On the UI provided on the white paper I can see 5 horizontal sliders. Maybe we could add optional explanations for the user to clarify why he gives “1 star importance” for this video about “very important topic”. Users that give explanations for their ratings should have higher weights than users that do not provide any explanation. Maybe I could give a like on the rating+explanation from another user, updating my view on the platform and the final weight of his rating.
Thanks for the interesting comment. Perhaps to clarify, our current algorithms are by no means a final solution. In fact, our hope is to collect an interesting database to then encourage research on better algorithms that will factor, e.g., the comments on the videos.
Also, in the “settings” of the rating page, we have a functionality that allows contributors to input both their judgments and their confidence in their judgments, on a scale from 0 to 3 stars (default is 2). One idea could be to demand comments when the contributor claims a 3-star confidence judgment. This can allow disputes in the comment section.
How significant of a limitation would it be that a YouTube AI can’t recursively improve its own architecture?
How significant of a limitation would it be that it can only recommend existing videos rather than create its own?

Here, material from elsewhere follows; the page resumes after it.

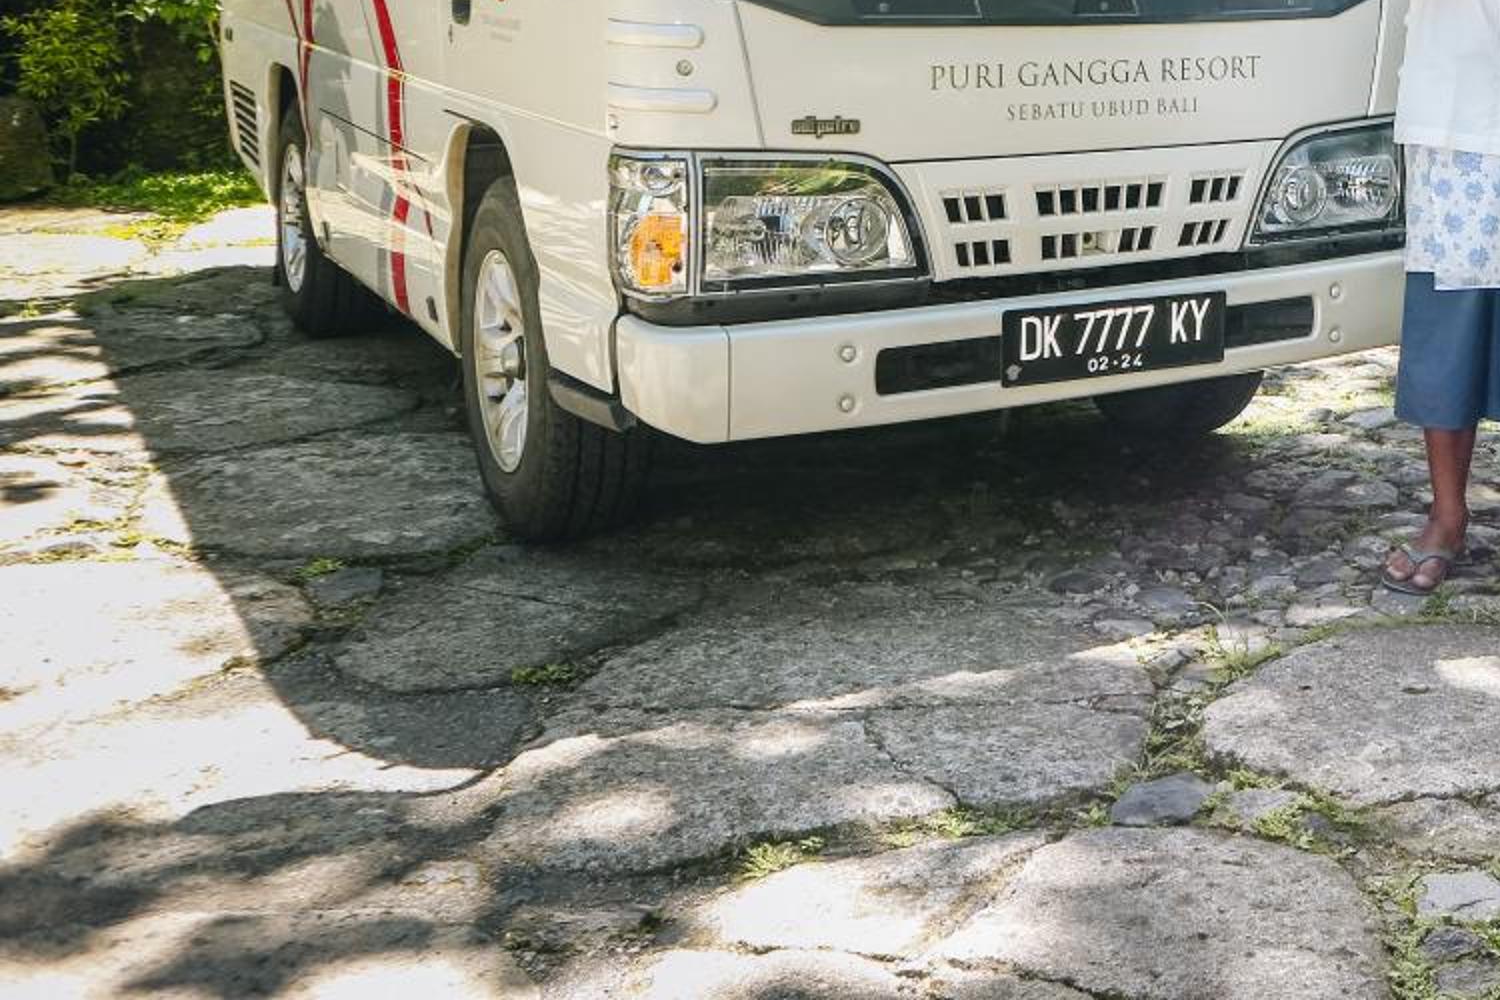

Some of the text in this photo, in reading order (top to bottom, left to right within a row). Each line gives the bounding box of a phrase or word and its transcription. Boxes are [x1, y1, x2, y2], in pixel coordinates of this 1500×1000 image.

[929, 54, 1262, 91] PURI GANGGA RESORT
[1006, 96, 1198, 122] SEBATU UBUD BALI
[1020, 298, 1211, 361] DK 7777 KY

I guess that depends on whether you believe that AIs like GPT-3 are evidence for short timelines and that GPT-N might be an AGI. If you do, I don’t see the lack of self-improvement as a big limitation; if you don’t, maybe because you believe recursive self-improvement is needed, then obviously that’s a big limitation.
Personally I do think the GPTs models are evidence that recursive self-improvement is not necessarily needed for AGI, but I’m interested in counter arguments.
I initially believed that to be a massive limitation. But Lê pointed out that with so much content already there and so much additional content added each hour, “the closest YouTube video” to what you want is probably quite close, if you want something broad enough (A query like “someone arguing against Thomas Kuhn” instead of “A frame like that, then a frame like that, then...”)
For a takeoff scenario, though, I would think you need something like human AI researchers using the recommendation algorithm to help them design a more general AI, and I’m not sure how much content would be relevant to that.